Widerstand tritt bei der Interaktion zwischen Berater und Klient auf und erfordert vom Therapeuten eine Überprüfung seiner eigenen Strategien. Der Berater soll auf Widerstand nicht passiv, erduldend oder aggressiv und gekränkt reagieren. Stattdessen soll er das Thema, bei dem der Widerstand aufgetreten ist, aktiv aufgreifen und steuernd wirken. Widerstand kann als Zeichen von nicht ausreichend berücksichtigter Ambivalenz auftreten. Widerstand entsteht in vielen Fällen auch, wenn der Berater dem Klienten eine bestimmte und vorgefertigte Lösung des Problems vorgibt (z.B. Berater: „Sie sollten sich in eine Fachklinik begeben“).
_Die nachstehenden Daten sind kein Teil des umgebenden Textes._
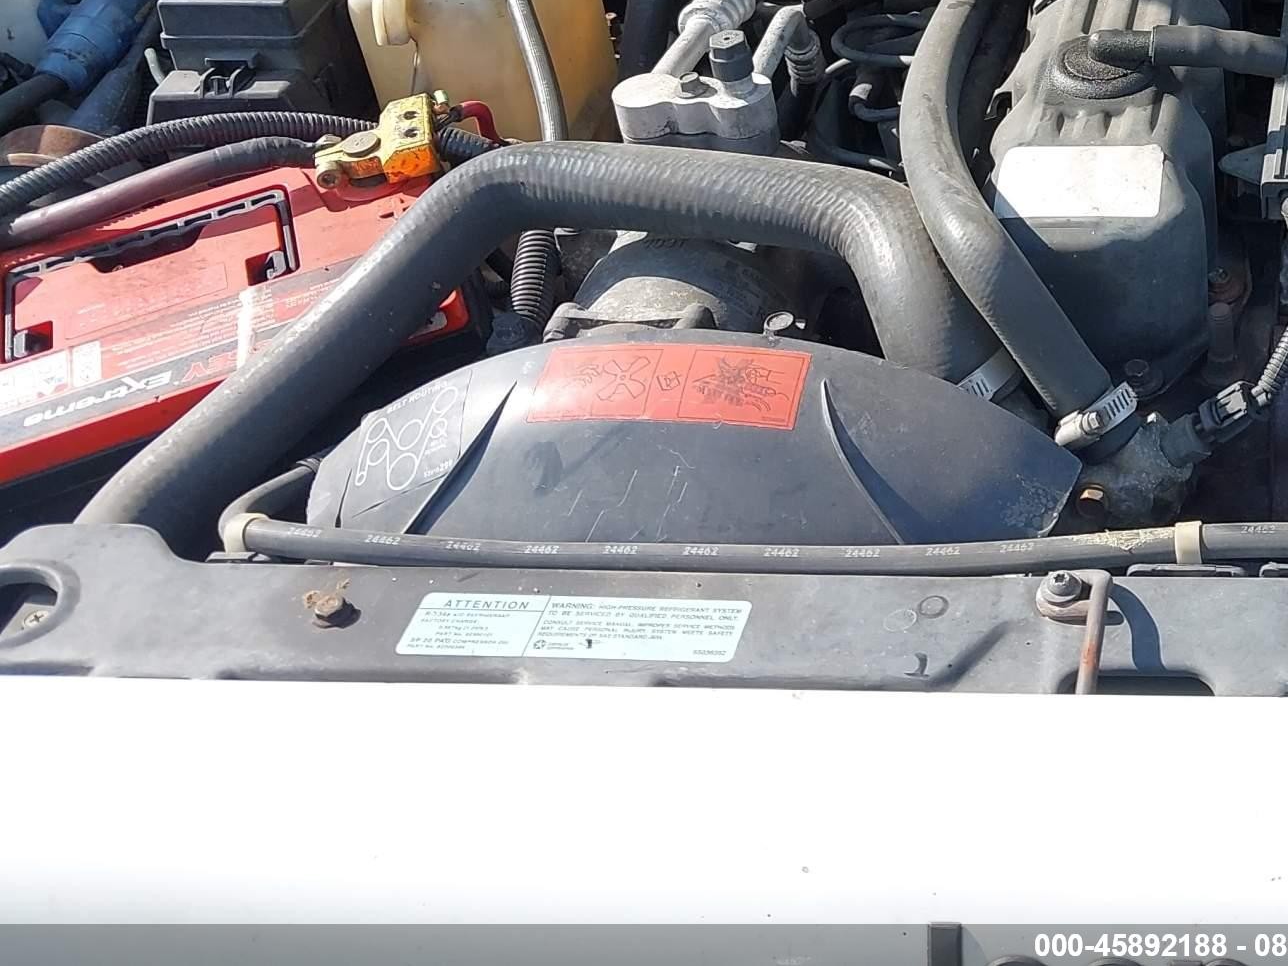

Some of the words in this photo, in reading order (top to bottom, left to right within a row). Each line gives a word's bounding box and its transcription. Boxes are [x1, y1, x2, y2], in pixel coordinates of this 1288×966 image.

Der Berater ist dabei häufig der Überzeugung, dass sein Lösungsvorschlag der richtige ist. Im Rahmen der motivierenden Gesprächsführung ist es nicht Aufgabe des Beraters Lösungen zu finden und zu verordnen, sondern den Klienten zu unterstützen, seine eigenen Lösungen zu finden. Der Therapeut sollte sich bemühen, dem Klienten nicht seine eigene Meinung und Vorstellungen aufzudrängen. Er sollte vielmehr die Eigenverantwortung des Klienten respektieren und ihm unterstützend objektive Informationen und neue Perspektiven aufzeigen.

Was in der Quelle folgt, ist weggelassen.